Collected data
****

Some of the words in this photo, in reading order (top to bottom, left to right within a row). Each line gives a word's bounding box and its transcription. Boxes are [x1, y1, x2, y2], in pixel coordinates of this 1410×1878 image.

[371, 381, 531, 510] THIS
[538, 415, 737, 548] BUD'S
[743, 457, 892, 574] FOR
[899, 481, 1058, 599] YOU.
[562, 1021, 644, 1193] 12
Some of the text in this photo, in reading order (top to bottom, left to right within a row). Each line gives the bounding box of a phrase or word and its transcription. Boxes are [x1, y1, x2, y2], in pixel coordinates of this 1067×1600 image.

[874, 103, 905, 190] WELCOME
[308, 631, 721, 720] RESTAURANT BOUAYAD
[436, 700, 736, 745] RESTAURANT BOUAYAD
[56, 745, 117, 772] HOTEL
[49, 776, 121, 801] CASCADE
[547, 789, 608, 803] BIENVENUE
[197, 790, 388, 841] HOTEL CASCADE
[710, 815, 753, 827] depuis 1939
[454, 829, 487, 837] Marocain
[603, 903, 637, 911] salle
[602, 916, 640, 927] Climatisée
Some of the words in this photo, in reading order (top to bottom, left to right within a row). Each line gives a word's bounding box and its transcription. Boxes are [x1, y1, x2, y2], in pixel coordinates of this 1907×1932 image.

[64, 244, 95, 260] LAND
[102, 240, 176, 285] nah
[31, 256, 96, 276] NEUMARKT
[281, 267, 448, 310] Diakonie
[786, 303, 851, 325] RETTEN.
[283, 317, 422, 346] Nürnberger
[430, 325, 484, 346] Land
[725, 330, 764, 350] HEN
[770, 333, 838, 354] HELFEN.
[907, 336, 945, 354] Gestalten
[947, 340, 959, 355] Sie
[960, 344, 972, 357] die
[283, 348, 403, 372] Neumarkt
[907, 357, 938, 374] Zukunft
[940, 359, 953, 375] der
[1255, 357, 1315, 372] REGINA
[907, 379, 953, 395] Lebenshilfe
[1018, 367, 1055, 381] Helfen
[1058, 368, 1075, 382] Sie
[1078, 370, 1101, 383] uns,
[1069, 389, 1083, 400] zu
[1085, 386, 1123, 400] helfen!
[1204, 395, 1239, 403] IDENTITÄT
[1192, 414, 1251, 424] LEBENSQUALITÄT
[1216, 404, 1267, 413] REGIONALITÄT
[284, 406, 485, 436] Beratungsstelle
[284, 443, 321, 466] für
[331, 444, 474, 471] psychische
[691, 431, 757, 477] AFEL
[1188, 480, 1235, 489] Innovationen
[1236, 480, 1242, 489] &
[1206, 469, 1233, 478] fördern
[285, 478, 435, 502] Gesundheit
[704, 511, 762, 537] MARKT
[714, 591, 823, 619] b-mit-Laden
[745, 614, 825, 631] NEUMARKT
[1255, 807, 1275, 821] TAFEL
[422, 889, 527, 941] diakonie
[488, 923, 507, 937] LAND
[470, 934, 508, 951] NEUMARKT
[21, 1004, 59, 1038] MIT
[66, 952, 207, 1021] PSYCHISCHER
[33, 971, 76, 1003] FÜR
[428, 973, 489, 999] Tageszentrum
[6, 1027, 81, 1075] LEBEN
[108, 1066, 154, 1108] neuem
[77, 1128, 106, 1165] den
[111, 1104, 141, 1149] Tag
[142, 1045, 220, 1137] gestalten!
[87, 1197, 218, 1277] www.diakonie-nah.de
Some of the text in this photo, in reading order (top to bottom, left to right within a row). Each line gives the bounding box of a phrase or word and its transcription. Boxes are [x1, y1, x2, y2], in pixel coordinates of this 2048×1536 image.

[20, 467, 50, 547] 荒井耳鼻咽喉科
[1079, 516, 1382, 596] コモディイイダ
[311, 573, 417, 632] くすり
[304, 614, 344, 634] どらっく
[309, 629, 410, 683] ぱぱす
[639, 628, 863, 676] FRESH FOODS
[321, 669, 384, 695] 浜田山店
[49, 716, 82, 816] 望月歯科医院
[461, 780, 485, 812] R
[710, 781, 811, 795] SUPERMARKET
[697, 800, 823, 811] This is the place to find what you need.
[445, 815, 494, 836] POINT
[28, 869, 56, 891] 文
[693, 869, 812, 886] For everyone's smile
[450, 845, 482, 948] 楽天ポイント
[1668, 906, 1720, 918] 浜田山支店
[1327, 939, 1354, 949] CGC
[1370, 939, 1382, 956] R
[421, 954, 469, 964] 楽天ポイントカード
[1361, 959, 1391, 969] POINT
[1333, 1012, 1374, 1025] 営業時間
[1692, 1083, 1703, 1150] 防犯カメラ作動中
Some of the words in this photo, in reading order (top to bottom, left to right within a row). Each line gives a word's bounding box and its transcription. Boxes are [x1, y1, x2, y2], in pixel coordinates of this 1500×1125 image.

****

> [TASK TO CARRY OUT]: Write out every line of the data again, exactly as it reads.

> [THE ANSWER]:
Some of the words in this photo, in reading order (top to bottom, left to right within a row). Each line gives a word's bounding box and its transcription. Boxes are [x1, y1, x2, y2], in pixel coordinates of this 1410×1878 image.

[371, 381, 531, 510] THIS
[538, 415, 737, 548] BUD'S
[743, 457, 892, 574] FOR
[899, 481, 1058, 599] YOU.
[562, 1021, 644, 1193] 12
Some of the text in this photo, in reading order (top to bottom, left to right within a row). Each line gives the bounding box of a phrase or word and its transcription. Boxes are [x1, y1, x2, y2], in pixel coordinates of this 1067×1600 image.

[874, 103, 905, 190] WELCOME
[308, 631, 721, 720] RESTAURANT BOUAYAD
[436, 700, 736, 745] RESTAURANT BOUAYAD
[56, 745, 117, 772] HOTEL
[49, 776, 121, 801] CASCADE
[547, 789, 608, 803] BIENVENUE
[197, 790, 388, 841] HOTEL CASCADE
[710, 815, 753, 827] depuis 1939
[454, 829, 487, 837] Marocain
[603, 903, 637, 911] salle
[602, 916, 640, 927] Climatisée
Some of the words in this photo, in reading order (top to bottom, left to right within a row). Each line gives a word's bounding box and its transcription. Boxes are [x1, y1, x2, y2], in pixel coordinates of this 1907×1932 image.

[64, 244, 95, 260] LAND
[102, 240, 176, 285] nah
[31, 256, 96, 276] NEUMARKT
[281, 267, 448, 310] Diakonie
[786, 303, 851, 325] RETTEN.
[283, 317, 422, 346] Nürnberger
[430, 325, 484, 346] Land
[725, 330, 764, 350] HEN
[770, 333, 838, 354] HELFEN.
[907, 336, 945, 354] Gestalten
[947, 340, 959, 355] Sie
[960, 344, 972, 357] die
[283, 348, 403, 372] Neumarkt
[907, 357, 938, 374] Zukunft
[940, 359, 953, 375] der
[1255, 357, 1315, 372] REGINA
[907, 379, 953, 395] Lebenshilfe
[1018, 367, 1055, 381] Helfen
[1058, 368, 1075, 382] Sie
[1078, 370, 1101, 383] uns,
[1069, 389, 1083, 400] zu
[1085, 386, 1123, 400] helfen!
[1204, 395, 1239, 403] IDENTITÄT
[1192, 414, 1251, 424] LEBENSQUALITÄT
[1216, 404, 1267, 413] REGIONALITÄT
[284, 406, 485, 436] Beratungsstelle
[284, 443, 321, 466] für
[331, 444, 474, 471] psychische
[691, 431, 757, 477] AFEL
[1188, 480, 1235, 489] Innovationen
[1236, 480, 1242, 489] &
[1206, 469, 1233, 478] fördern
[285, 478, 435, 502] Gesundheit
[704, 511, 762, 537] MARKT
[714, 591, 823, 619] b-mit-Laden
[745, 614, 825, 631] NEUMARKT
[1255, 807, 1275, 821] TAFEL
[422, 889, 527, 941] diakonie
[488, 923, 507, 937] LAND
[470, 934, 508, 951] NEUMARKT
[21, 1004, 59, 1038] MIT
[66, 952, 207, 1021] PSYCHISCHER
[33, 971, 76, 1003] FÜR
[428, 973, 489, 999] Tageszentrum
[6, 1027, 81, 1075] LEBEN
[108, 1066, 154, 1108] neuem
[77, 1128, 106, 1165] den
[111, 1104, 141, 1149] Tag
[142, 1045, 220, 1137] gestalten!
[87, 1197, 218, 1277] www.diakonie-nah.de
Some of the text in this photo, in reading order (top to bottom, left to right within a row). Each line gives the bounding box of a phrase or word and its transcription. Boxes are [x1, y1, x2, y2], in pixel coordinates of this 2048×1536 image.

[20, 467, 50, 547] 荒井耳鼻咽喉科
[1079, 516, 1382, 596] コモディイイダ
[311, 573, 417, 632] くすり
[304, 614, 344, 634] どらっく
[309, 629, 410, 683] ぱぱす
[639, 628, 863, 676] FRESH FOODS
[321, 669, 384, 695] 浜田山店
[49, 716, 82, 816] 望月歯科医院
[461, 780, 485, 812] R
[710, 781, 811, 795] SUPERMARKET
[697, 800, 823, 811] This is the place to find what you need.
[445, 815, 494, 836] POINT
[28, 869, 56, 891] 文
[693, 869, 812, 886] For everyone's smile
[450, 845, 482, 948] 楽天ポイント
[1668, 906, 1720, 918] 浜田山支店
[1327, 939, 1354, 949] CGC
[1370, 939, 1382, 956] R
[421, 954, 469, 964] 楽天ポイントカード
[1361, 959, 1391, 969] POINT
[1333, 1012, 1374, 1025] 営業時間
[1692, 1083, 1703, 1150] 防犯カメラ作動中
Some of the words in this photo, in reading order (top to bottom, left to right within a row). Each line gives a word's bounding box and its transcription. Boxes are [x1, y1, x2, y2], in pixel coordinates of this 1500×1125 image.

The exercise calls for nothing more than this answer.